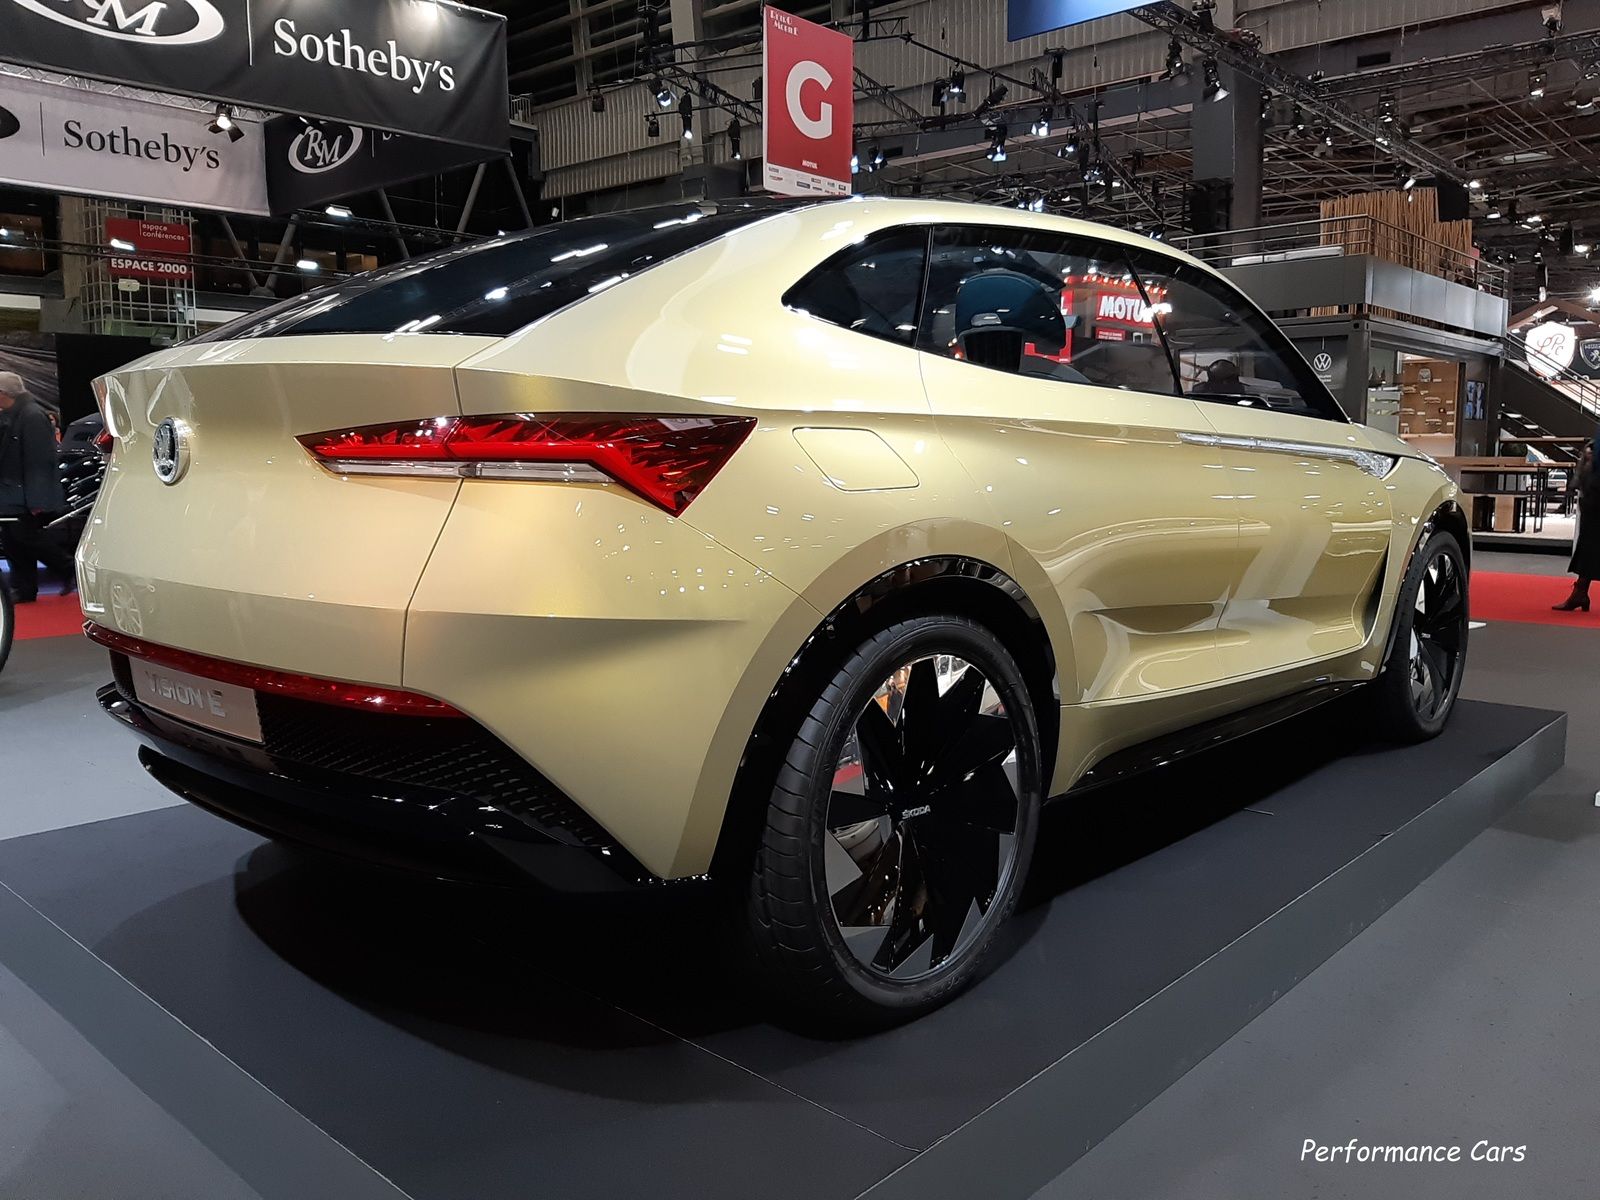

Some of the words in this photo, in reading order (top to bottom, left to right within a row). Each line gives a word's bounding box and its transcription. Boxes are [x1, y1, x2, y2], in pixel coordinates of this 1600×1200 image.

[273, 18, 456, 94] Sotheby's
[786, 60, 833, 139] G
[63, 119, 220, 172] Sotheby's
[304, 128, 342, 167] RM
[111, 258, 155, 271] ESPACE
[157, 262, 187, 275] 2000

----------

- [WHAT THE TASK ASKS]:
Please return the listing above exactly and leave every picture out.

- [THE ANSWER]:
Some of the words in this photo, in reading order (top to bottom, left to right within a row). Each line gives a word's bounding box and its transcription. Boxes are [x1, y1, x2, y2], in pixel coordinates of this 1600×1200 image.

[273, 18, 456, 94] Sotheby's
[786, 60, 833, 139] G
[63, 119, 220, 172] Sotheby's
[304, 128, 342, 167] RM
[111, 258, 155, 271] ESPACE
[157, 262, 187, 275] 2000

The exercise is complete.